▸ **Exercise prompt**
Give back the records below exactly, omitting the pictures.

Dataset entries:
──────────
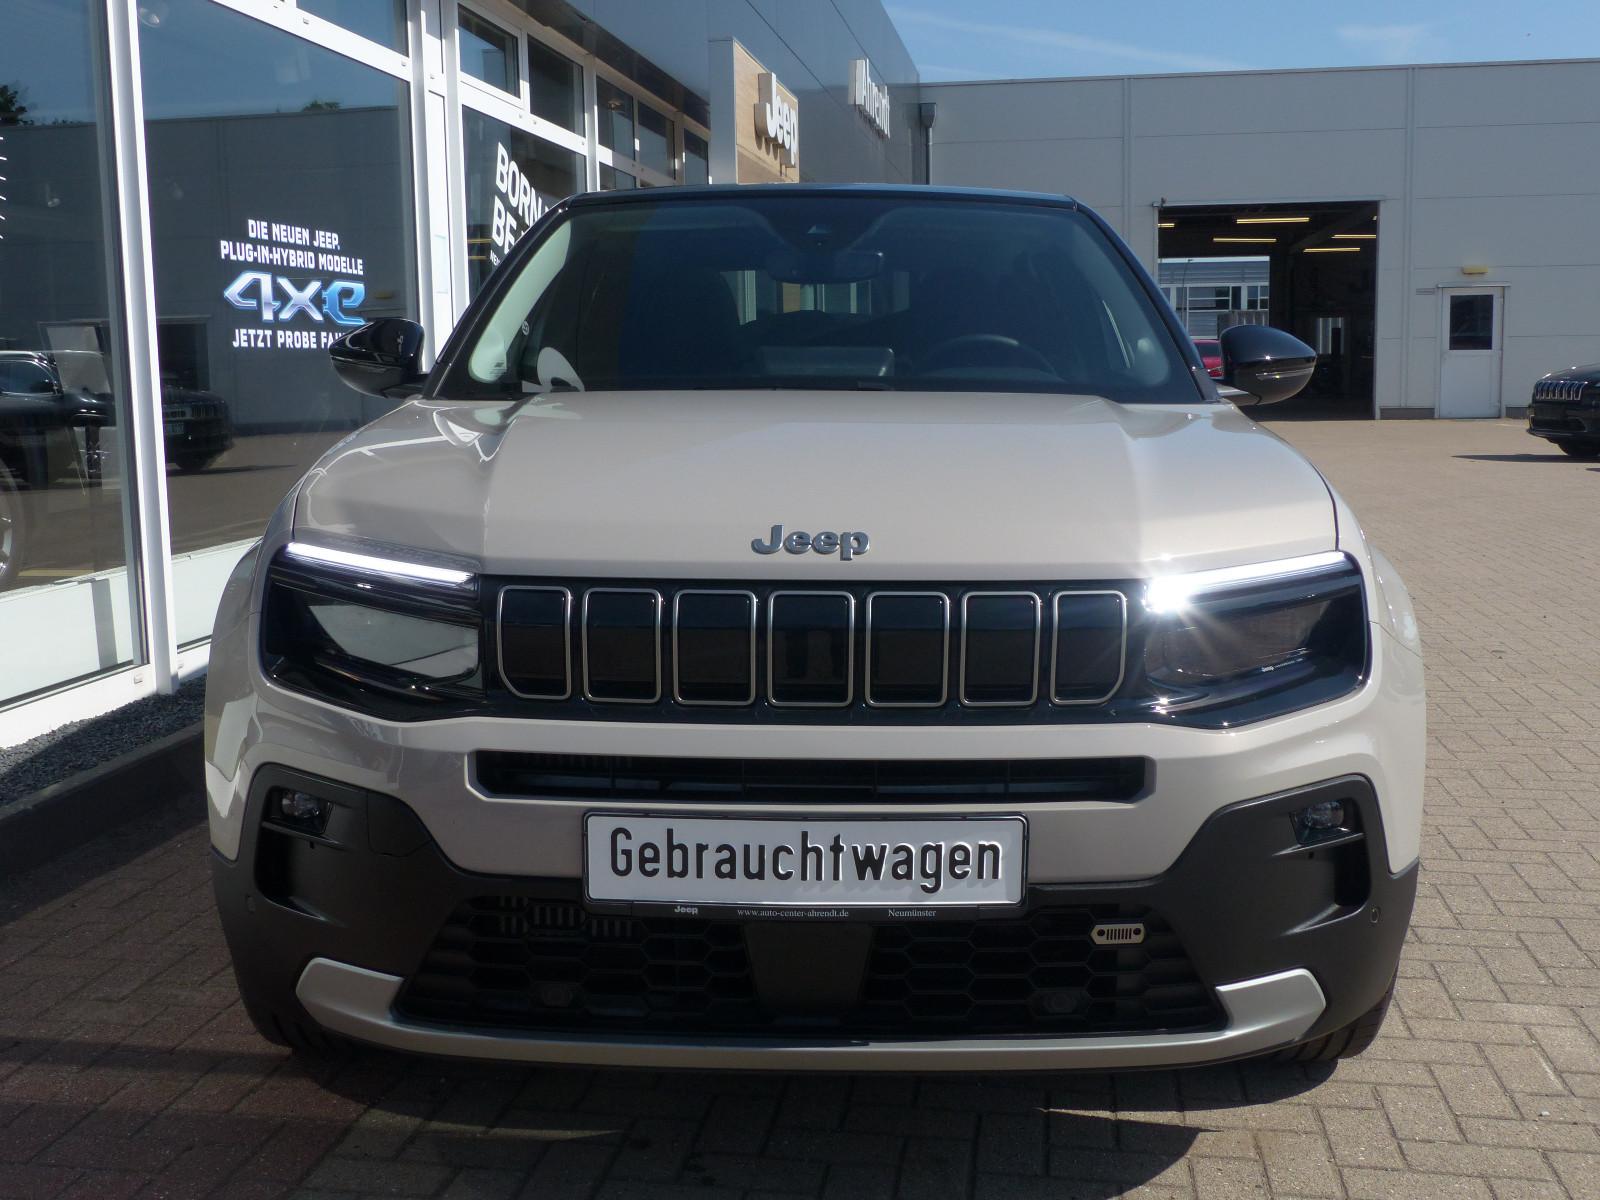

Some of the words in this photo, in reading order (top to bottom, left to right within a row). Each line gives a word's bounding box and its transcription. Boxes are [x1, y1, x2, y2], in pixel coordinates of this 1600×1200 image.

[762, 72, 798, 166] Jeep
[495, 141, 542, 229] BORN
[247, 218, 268, 240] DIE
[271, 222, 310, 246] NEUEN
[220, 240, 315, 269] PLUG-IN-HYBRID
[318, 252, 364, 276] MODELLE
[232, 328, 272, 348] JETZT
[277, 330, 317, 349] PROBE
[750, 524, 870, 561] Jeep
[610, 827, 1002, 894] Gebrauchtwagen
[674, 904, 699, 915] Jeep
[737, 907, 849, 918] www.auto-center-ahrendt.de
[887, 908, 937, 917] Neumünster
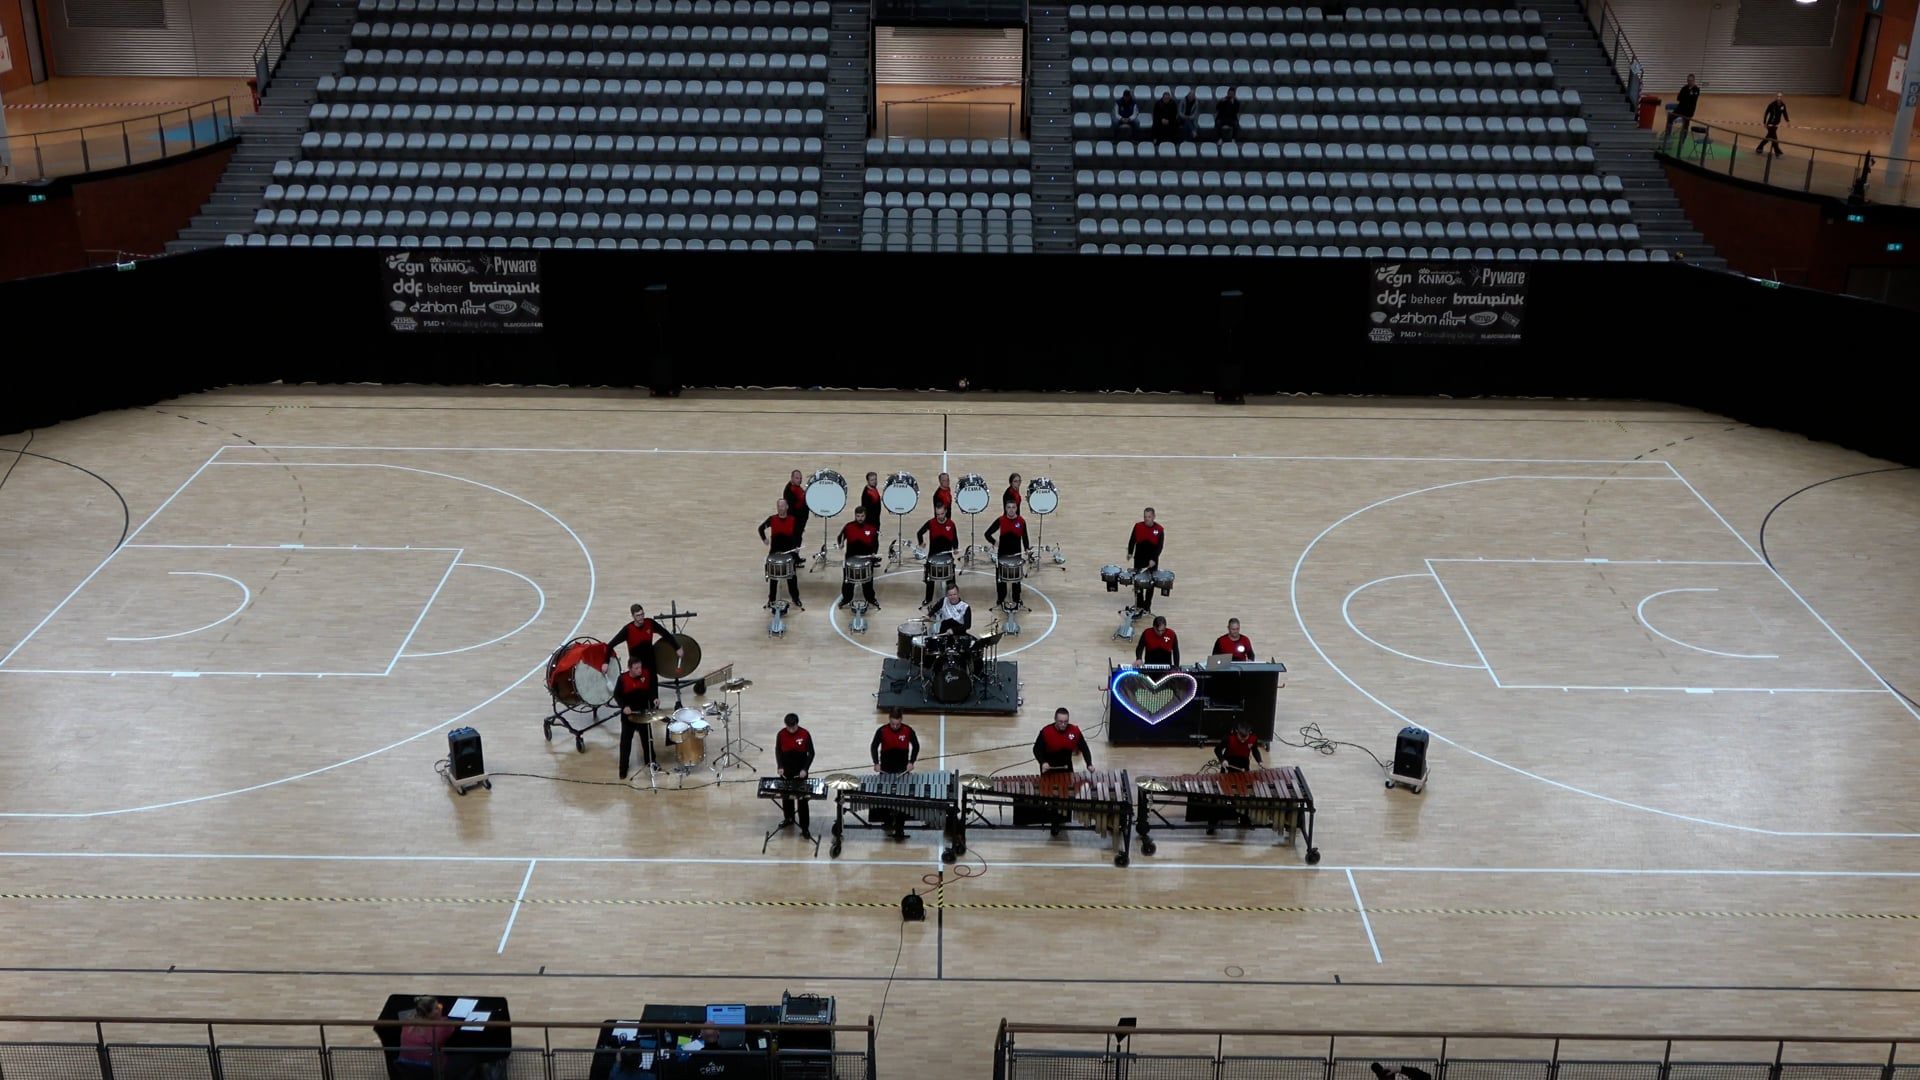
──────────
▸ **Answer space**
Some of the words in this photo, in reading order (top to bottom, left to right within a row). Each line gives a word's bounding box and its transcription. Boxes are [x1, y1, x2, y2], in pixel coordinates of this 1600×1200 image.

[762, 72, 798, 166] Jeep
[495, 141, 542, 229] BORN
[247, 218, 268, 240] DIE
[271, 222, 310, 246] NEUEN
[220, 240, 315, 269] PLUG-IN-HYBRID
[318, 252, 364, 276] MODELLE
[232, 328, 272, 348] JETZT
[277, 330, 317, 349] PROBE
[750, 524, 870, 561] Jeep
[610, 827, 1002, 894] Gebrauchtwagen
[674, 904, 699, 915] Jeep
[737, 907, 849, 918] www.auto-center-ahrendt.de
[887, 908, 937, 917] Neumünster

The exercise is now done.